Para pihak dalam perkara tersebut adalah beberapa orang yang mengatasnamakan dirinya sebagai perwakilan Masyarakat Adat Negeri Piru sebagai penggugat, melawan Pemerintah Desa Piru sebagai tergugat I, PT. Manusela Prima Mining (Direktur Jaquelin Sahetapy) sebagai tergugat II dan PT. Bina Sewangi Raya sebagai tergugat III serta PT. Manusela Prima Mining (Direktur Farida Ode Gawu) selaku penggugat intervensi.
Kegiatan pemeriksaan setempat tersebut, dimulai pada pukul 10.00 waktu setempat dengan terlebih dahulu dibuka sidang di Ruang Sidang Utama Pengadilan Negeri Dataran Hunipopu. Kemudian dilanjutkan dengan mendatangi lokasi objek sengketa.
Kegiatan pemeriksaan setempat tersebut, cukup menyita perhatian masyarakat Piru, selain karena sebagian besar masyarakat piru menjadi pihak dalam perkara yang dikuasakan kepada penggugat, juga karena objek sengketa merupakan salah satu tambang nikel terbesar di Kabupaten Seram Bagian Barat bahkan di Provinsi Maluku.
Oleh sebab itu, karena banyak masyarakat yang hadir mengikuti kegiatan pemeriksaan setempat maka Pengadilan Negeri Dataran Hunipopu kemudian meminta bantuan aparat kepolisian, untuk melakukan pengamanan agar proses sidang dapat berjalan dengan aman dan tertib.

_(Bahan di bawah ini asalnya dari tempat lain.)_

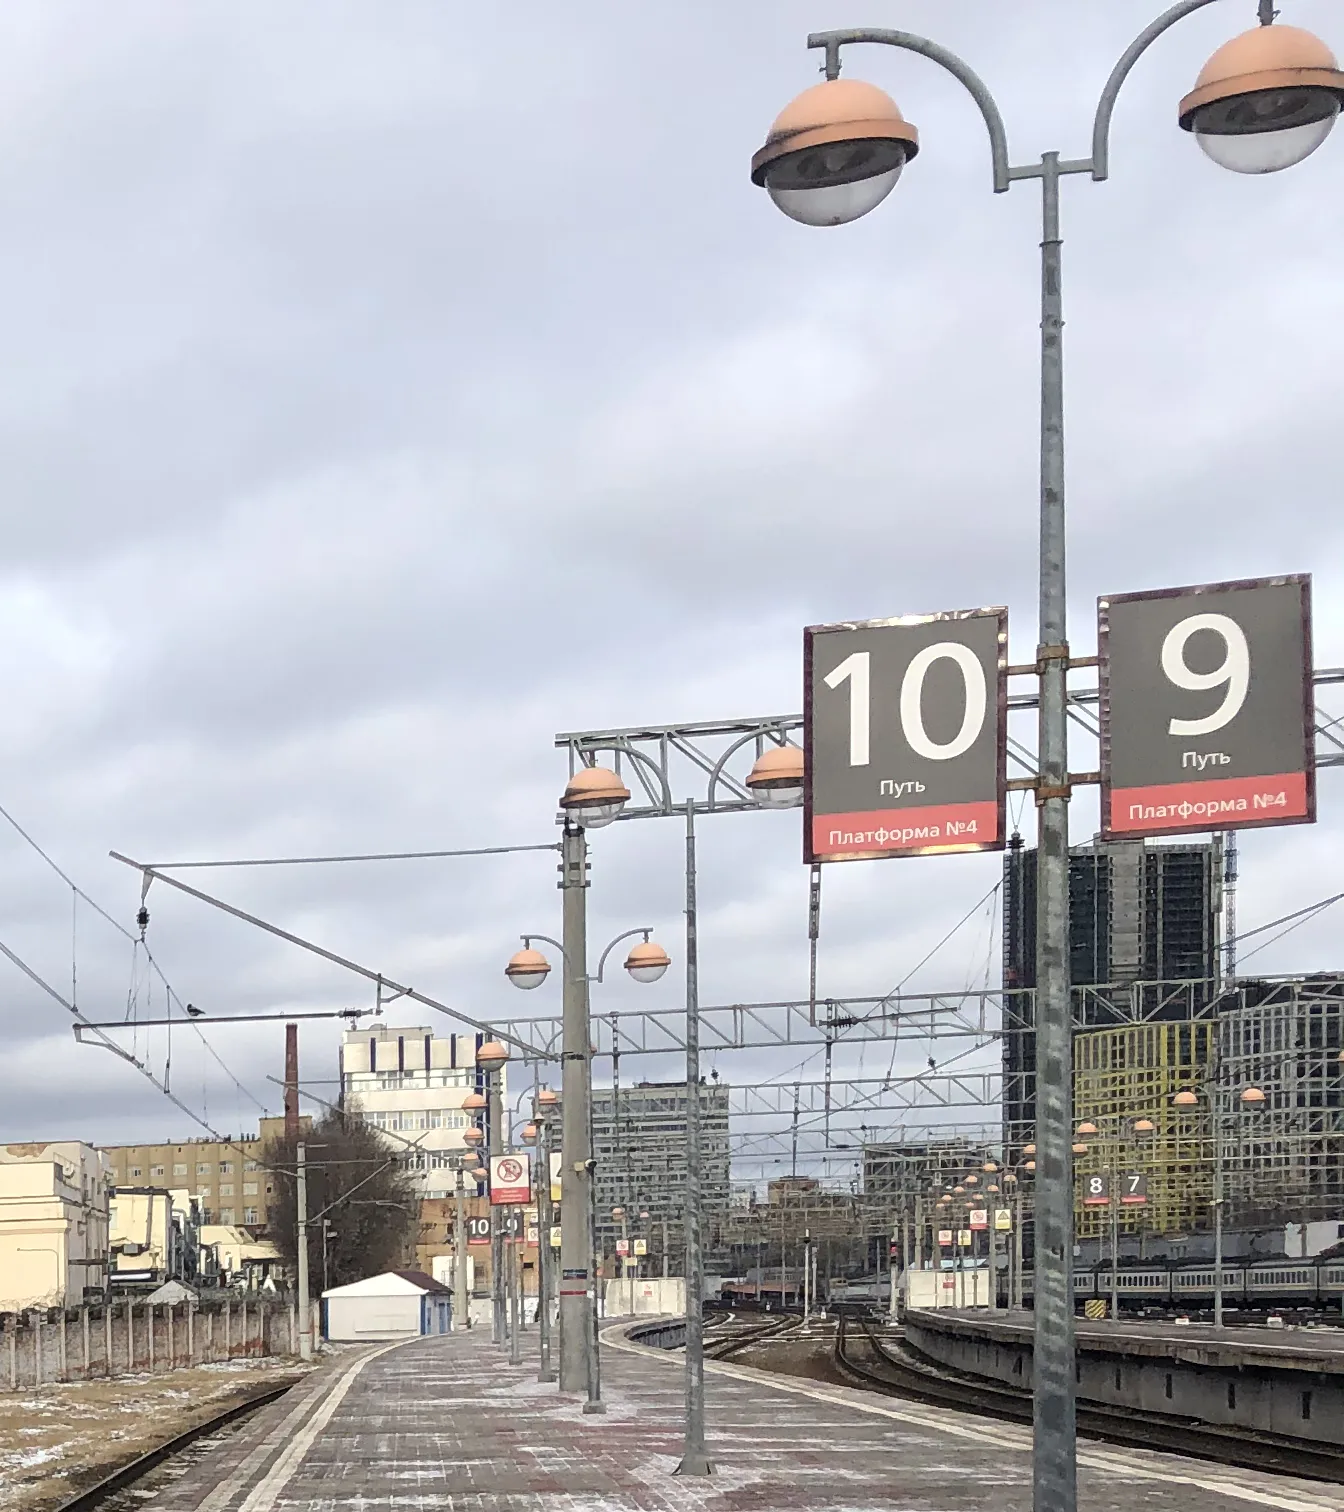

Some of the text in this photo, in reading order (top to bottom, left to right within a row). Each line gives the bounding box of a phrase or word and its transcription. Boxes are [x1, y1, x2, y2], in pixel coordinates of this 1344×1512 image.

Yang menarik dalam proses pemeriksaan setempat tersebut, adalah penggugat memohon kepada Majelis Hakim agar penggugat dapat terlebih dahulu melakukan pelepasan Hukum Adat Sasi yang diberlakukan di dalam objek sengketa.
Hukum Adat Sasi adalah hukum adat yang masih hidup di masyarakat Maluku yang mengatur larangan bagi siapapun untuk memasuki, mengambil, atau memetik sumber daya alam tertentu selama jangka waktu tertentu yang bertujuan untuk menjaga kelestarian lingkungan dan/atau mengatur pemanfaatan sumber daya alam secara adil.
Bagi yang melanggar Hukum Adat Sasi tersebut akan dikenai sanksi adat yang dapat berupa denda, pengusiran dari wilayah adat bahkan hukuman/kutukan dari Tuhan.
Setelah mendengar permohonan penggugat tersebut, Majelis Hakim setelah mendengar tanggapan dari para pihak lain yang berperkara, mengabulkan permohonan pelepasan Hukum Adat Sasi tersebut agar Majelis Hakim dan para pihak dapat memasuki objek sengketa.
Prosesi pelepasan Hukum Adat Sasi dimulai dengan melakukan beberapa ritual adat yaitu membaca kalimat-kalimat adat dilanjutkan dengan mencipratkan air dalam tungku adat ke wilayah sekitar objek sengketa menggunakan tumbuhan jenis tertentu.
Dalam pemeriksaan setempat tersebut disampaikan, alasan Majelis Hakim mengabulkan permohonan pelepasan Hukum Adat Sasi tersebut untuk menghargai dan menghormati hukum adat yang berlaku di masyarakat sekitar sebagaimana negara mengakui dan menghormati keberadaan hukum adat yang diatur di dalam Pasal 18B Ayat (2) UUD 1945.
Kegiatan pemeriksaan setempat sendiri berjalan dengan lancar meskipun sempat terjadi kericuhan antara masa dari penggugat dengan pihak dari para tergugat. Setelah sidang pemeriksaan setempat dinyatakan selesai, sidang ditunda minggu depan untuk agenda selanjutnya.